Repeat the entries that appear below, exactly and in full.

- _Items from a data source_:
- Opening Delimiter -

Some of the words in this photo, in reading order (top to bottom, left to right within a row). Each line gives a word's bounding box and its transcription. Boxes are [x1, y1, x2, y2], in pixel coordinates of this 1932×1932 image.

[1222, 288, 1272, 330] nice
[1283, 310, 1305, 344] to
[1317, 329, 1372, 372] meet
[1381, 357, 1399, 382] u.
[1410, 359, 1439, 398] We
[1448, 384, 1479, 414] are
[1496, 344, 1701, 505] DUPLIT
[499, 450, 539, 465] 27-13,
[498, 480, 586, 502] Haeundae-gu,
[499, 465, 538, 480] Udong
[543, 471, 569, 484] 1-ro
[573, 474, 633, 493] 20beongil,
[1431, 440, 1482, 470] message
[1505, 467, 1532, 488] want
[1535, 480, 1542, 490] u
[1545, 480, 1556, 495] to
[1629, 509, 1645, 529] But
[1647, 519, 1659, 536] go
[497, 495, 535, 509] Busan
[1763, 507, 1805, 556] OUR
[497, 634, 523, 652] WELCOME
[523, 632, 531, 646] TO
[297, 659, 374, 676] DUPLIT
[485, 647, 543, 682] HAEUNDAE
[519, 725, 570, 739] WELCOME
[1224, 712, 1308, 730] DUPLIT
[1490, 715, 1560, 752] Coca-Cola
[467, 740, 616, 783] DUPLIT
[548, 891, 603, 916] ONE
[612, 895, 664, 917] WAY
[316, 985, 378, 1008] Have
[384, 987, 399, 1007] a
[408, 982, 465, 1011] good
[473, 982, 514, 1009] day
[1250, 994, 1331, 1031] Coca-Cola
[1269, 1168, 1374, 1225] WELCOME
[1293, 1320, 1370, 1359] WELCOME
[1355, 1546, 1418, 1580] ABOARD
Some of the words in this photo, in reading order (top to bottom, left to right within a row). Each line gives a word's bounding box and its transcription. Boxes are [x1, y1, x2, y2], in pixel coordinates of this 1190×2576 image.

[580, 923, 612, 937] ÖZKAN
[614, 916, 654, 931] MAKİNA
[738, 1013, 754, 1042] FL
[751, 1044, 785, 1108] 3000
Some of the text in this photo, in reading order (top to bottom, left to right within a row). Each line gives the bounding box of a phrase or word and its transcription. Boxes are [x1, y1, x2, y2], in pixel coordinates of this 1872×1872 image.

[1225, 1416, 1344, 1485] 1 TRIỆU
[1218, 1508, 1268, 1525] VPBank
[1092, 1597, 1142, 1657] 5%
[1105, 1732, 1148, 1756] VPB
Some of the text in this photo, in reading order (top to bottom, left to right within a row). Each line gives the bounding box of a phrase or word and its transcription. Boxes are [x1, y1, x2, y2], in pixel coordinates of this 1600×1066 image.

- Closing Delimiter -

- _THE COMPLETED TASK_:
Some of the words in this photo, in reading order (top to bottom, left to right within a row). Each line gives a word's bounding box and its transcription. Boxes are [x1, y1, x2, y2], in pixel coordinates of this 1932×1932 image.

[1222, 288, 1272, 330] nice
[1283, 310, 1305, 344] to
[1317, 329, 1372, 372] meet
[1381, 357, 1399, 382] u.
[1410, 359, 1439, 398] We
[1448, 384, 1479, 414] are
[1496, 344, 1701, 505] DUPLIT
[499, 450, 539, 465] 27-13,
[498, 480, 586, 502] Haeundae-gu,
[499, 465, 538, 480] Udong
[543, 471, 569, 484] 1-ro
[573, 474, 633, 493] 20beongil,
[1431, 440, 1482, 470] message
[1505, 467, 1532, 488] want
[1535, 480, 1542, 490] u
[1545, 480, 1556, 495] to
[1629, 509, 1645, 529] But
[1647, 519, 1659, 536] go
[497, 495, 535, 509] Busan
[1763, 507, 1805, 556] OUR
[497, 634, 523, 652] WELCOME
[523, 632, 531, 646] TO
[297, 659, 374, 676] DUPLIT
[485, 647, 543, 682] HAEUNDAE
[519, 725, 570, 739] WELCOME
[1224, 712, 1308, 730] DUPLIT
[1490, 715, 1560, 752] Coca-Cola
[467, 740, 616, 783] DUPLIT
[548, 891, 603, 916] ONE
[612, 895, 664, 917] WAY
[316, 985, 378, 1008] Have
[384, 987, 399, 1007] a
[408, 982, 465, 1011] good
[473, 982, 514, 1009] day
[1250, 994, 1331, 1031] Coca-Cola
[1269, 1168, 1374, 1225] WELCOME
[1293, 1320, 1370, 1359] WELCOME
[1355, 1546, 1418, 1580] ABOARD
Some of the words in this photo, in reading order (top to bottom, left to right within a row). Each line gives a word's bounding box and its transcription. Boxes are [x1, y1, x2, y2], in pixel coordinates of this 1190×2576 image.

[580, 923, 612, 937] ÖZKAN
[614, 916, 654, 931] MAKİNA
[738, 1013, 754, 1042] FL
[751, 1044, 785, 1108] 3000
Some of the text in this photo, in reading order (top to bottom, left to right within a row). Each line gives the bounding box of a phrase or word and its transcription. Boxes are [x1, y1, x2, y2], in pixel coordinates of this 1872×1872 image.

[1225, 1416, 1344, 1485] 1 TRIỆU
[1218, 1508, 1268, 1525] VPBank
[1092, 1597, 1142, 1657] 5%
[1105, 1732, 1148, 1756] VPB
Some of the text in this photo, in reading order (top to bottom, left to right within a row). Each line gives the bounding box of a phrase or word and its transcription. Boxes are [x1, y1, x2, y2], in pixel coordinates of this 1600×1066 image.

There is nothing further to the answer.